The PwC Shipping Study 2025 shows that political uncertainties and the situation in the Red Sea are changing global shipping routes. Despite difficult conditions, revenues and capacity utilization remain stable.

Despite major geopolitical uncertainties and a weakening economy, the German shipping industry is proving robust – this is the result of a recent study by the consultancy firm PwC. Nine out of ten German ocean shipping companies (93%) are currently reporting full capacity utilization.

The maritime industry is also optimistic about the future, according to PwC. According to the report, 58% of shipping companies expect sales growth in the next twelve months.

Trump as a major uncertainty factor

However, this is clouded by the current geopolitical situation: the renewed presidency of Donald Trump and the course of the US government in particular are causing uncertainty. According to the PwC study, 91% of respondents fear that the Trump administration will have a negative impact on the German shipping industry. The majority of managers (56%) believe the situation is even worse than expected. One in two (51%) are of the opinion that there is “no longer a legally secure global framework for economic activity”.

“Uncertainties are increasingly shaping the global economy. For example, political decisions in the USA are becoming increasingly difficult to predict. This makes long-term planning and investments more difficult for companies and inhibits international trade,” comments Burkhard Sommer, Head of the Maritime Competence Center at PwC Germany.

From the perspective of those surveyed, the result is likely to be a geopolitical realignment: 90% of managers expect a shift in protection zones and spheres of influence; 81% see shipping being affected by trade wars and embargoes.

Threat level in the Red Sea remains high

The tense situation on the world’s oceans is also challenging from a security policy perspective: In July 2025, the Houthi militia once again attacked merchant ships in the Red Sea, targeting a sea trade route that is considered one of the main arteries of global economic coexistence – especially for transportation between Asia and Europe.

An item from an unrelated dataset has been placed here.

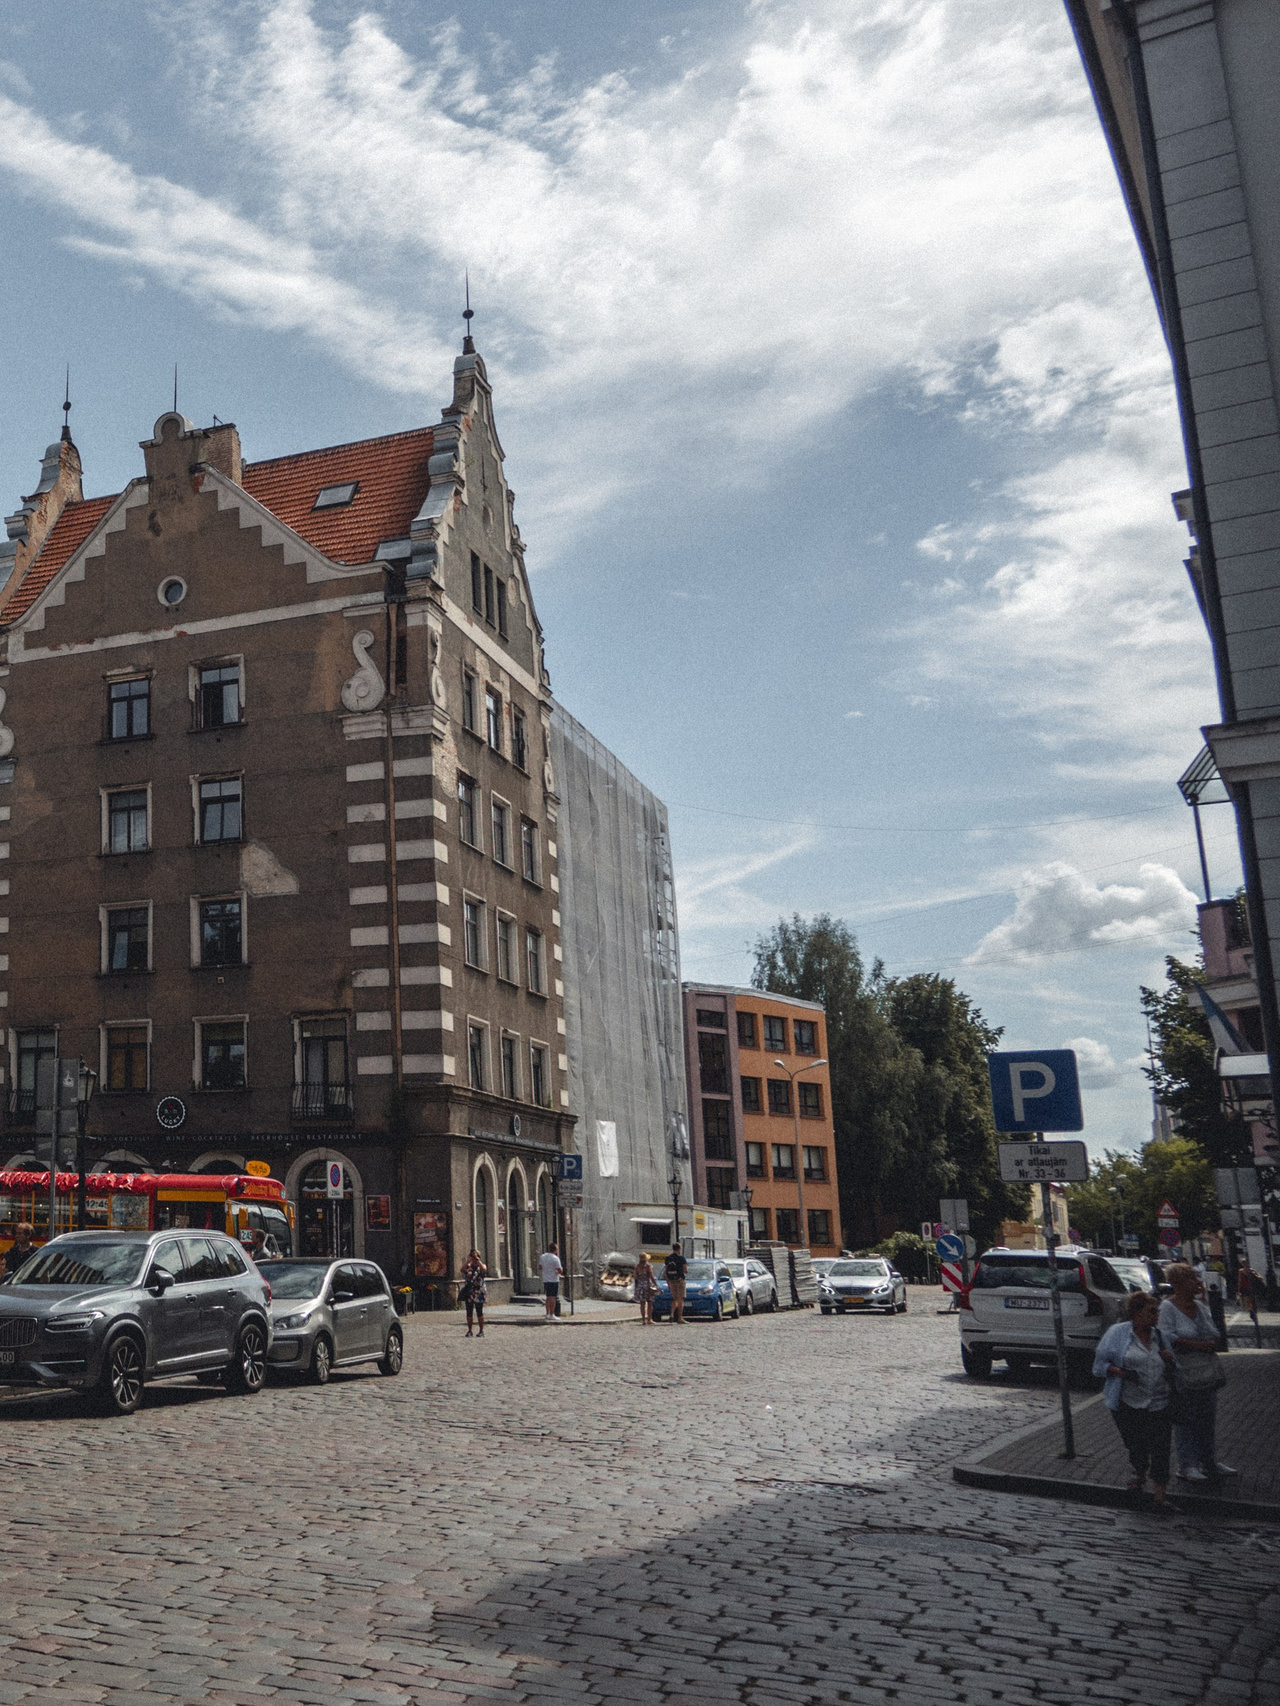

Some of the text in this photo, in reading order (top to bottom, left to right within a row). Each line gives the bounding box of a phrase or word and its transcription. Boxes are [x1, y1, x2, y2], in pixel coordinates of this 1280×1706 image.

[1008, 1061, 1056, 1122] P
[1028, 1145, 1051, 1155] Tikai
[563, 1157, 577, 1176] P
[1014, 1159, 1024, 1167] ar

The shipping companies surveyed rate the risk situation in the Red Sea as correspondingly high: On average, they rate it at 7.1 points on a scale of 0 to 10. Last year, the average score was slightly higher at 7.6 points. André Wortmann, former head of the Maritime Competence Center and co-editor of the study, explains this as follows: “On the one hand, there seems to be a habituation effect; the risk situation is becoming the norm. On the other hand, most ocean shipping companies have developed strategies to avoid dicey situations.”

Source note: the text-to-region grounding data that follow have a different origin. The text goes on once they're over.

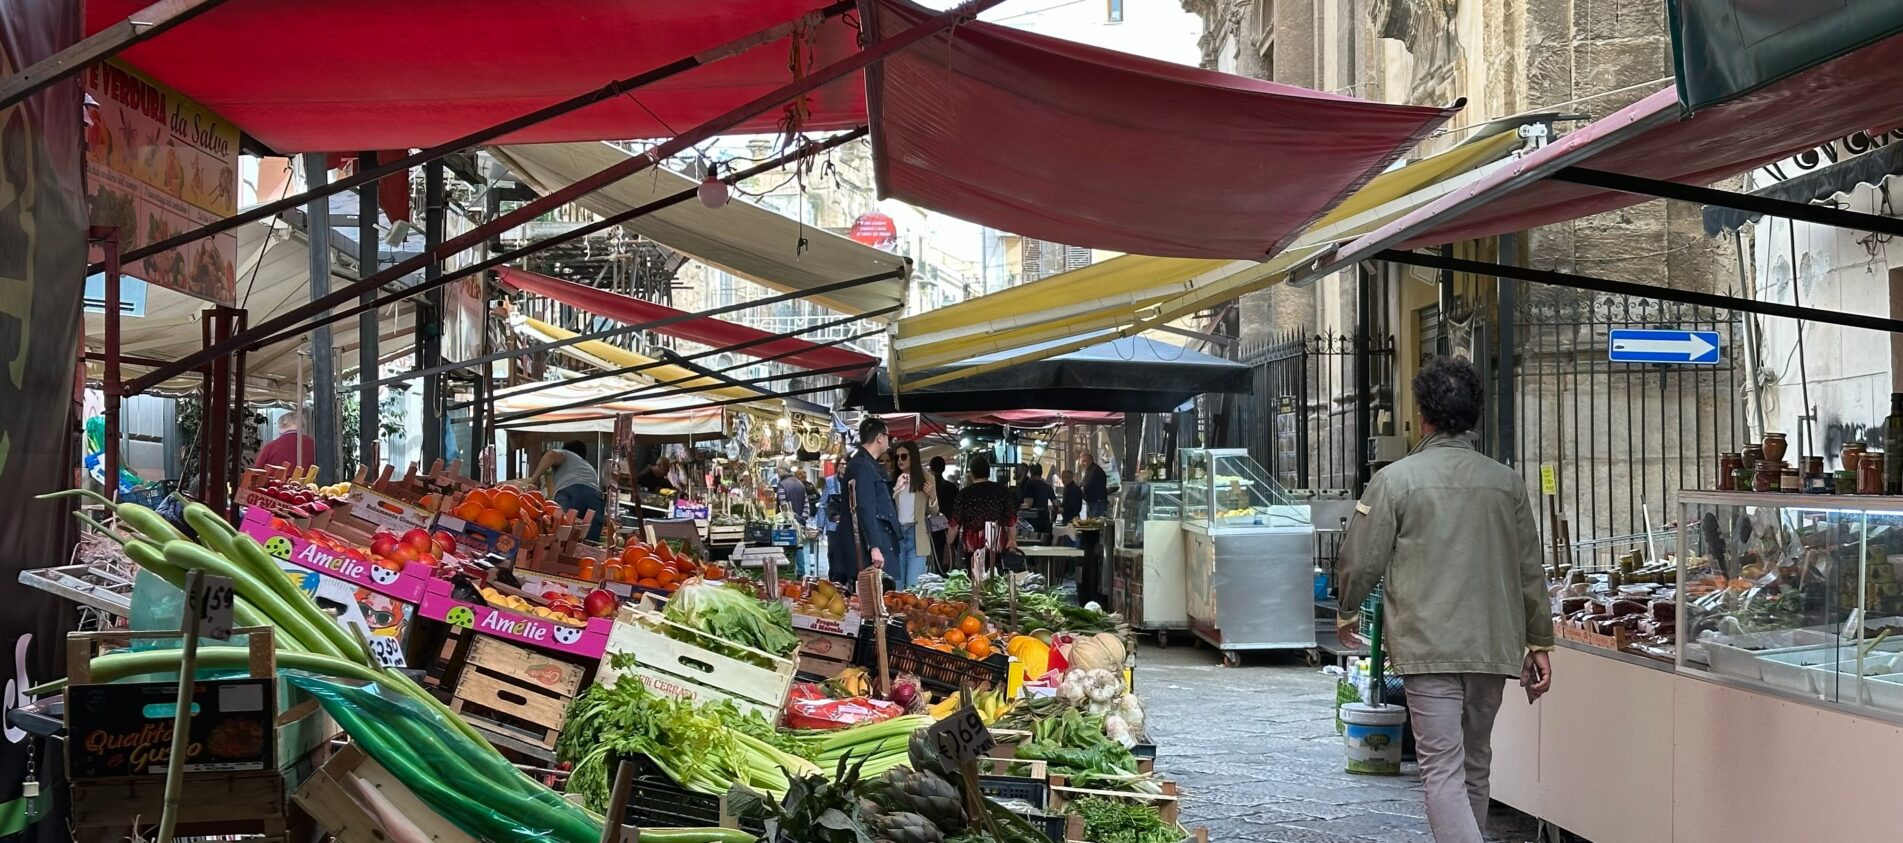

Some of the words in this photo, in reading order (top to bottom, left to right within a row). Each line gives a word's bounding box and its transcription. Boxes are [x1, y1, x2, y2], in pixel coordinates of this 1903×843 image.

[89, 61, 99, 91] E
[102, 58, 167, 126] VERDURA
[170, 103, 188, 138] da
[191, 114, 229, 158] Salvo
[298, 543, 364, 578] Amélie
[481, 610, 546, 641] Amélie

For example, 61 of the 62 shipping companies operating in the Red Sea are now taking detours to avoid the area, even if these alternative routes – around the Cape of Good Hope, for example – are more resource-intensive and also involve risks such as piracy and bad weather.

However, according to the study, the detours have a positive side effect: they counteract overcapacity and keep rates stable. 86% of shipping companies agree with the statement that there would be overcapacity in cargo shipping and more pressure on rates if everything ran smoothly in the Red Sea.

German shipping companies’ need for security is increasing

The risks in the Red Sea are also considered to be so high because fewer and fewer companies are relying on the USA as a protective shield. 52% of shipping companies assume that the USA will only be involved to a lesser extent in protecting international shipping in this region in future or will even reduce its involvement completely.

Against this backdrop, German shipping companies expressed a very high need for security in the survey: 40% see their business impaired by inadequate security structures; for 73%, the unpredictable political situation is already having a negative impact on their business.

According to PwC, shipping companies are in favor of federal politicians and the German navy stepping up their efforts to improve maritime safety: 92% are in favor of giving maritime surveillance a higher priority. Just as many are in favor of improvements to the protection of German maritime infrastructure, such as underwater pipelines, offshore wind farms and ports. 84% call for the German Navy to be empowered to better protect German shipping and its sea routes. There is a general consensus that unmanned weapons systems will become more important in view of the current geopolitical situation (agreement: 96%).

Three out of four shipping companies are planning fleet expansions

Despite all these uncertainties, the vast majority of ocean shipping companies are confident, according to PwC. At 78%, the vast majority of managers expect global cargo volumes to continue to increase in the medium term. Only a minority of respondents (36%) fear that fewer transport capacities will be needed at sea in the future due to tariffs and trade barriers.

Another indication of the confidence of German shipping companies is that the majority are planning to expand their fleets. For example, 76% of respondents stated that they intend to order new ships or buy used ships in the next twelve months.

For 2024 and 2025, the balance between additions and disposals of ships at German shipping companies is consistently positive. New ship orders are gaining in importance compared to the purchase of used ships. “The focus on purchasing new ships is also due to the fact that the German maritime industry needs to reposition itself in order to meet regulatory requirements such as international environmental regulations,” explains Burkhard Sommer.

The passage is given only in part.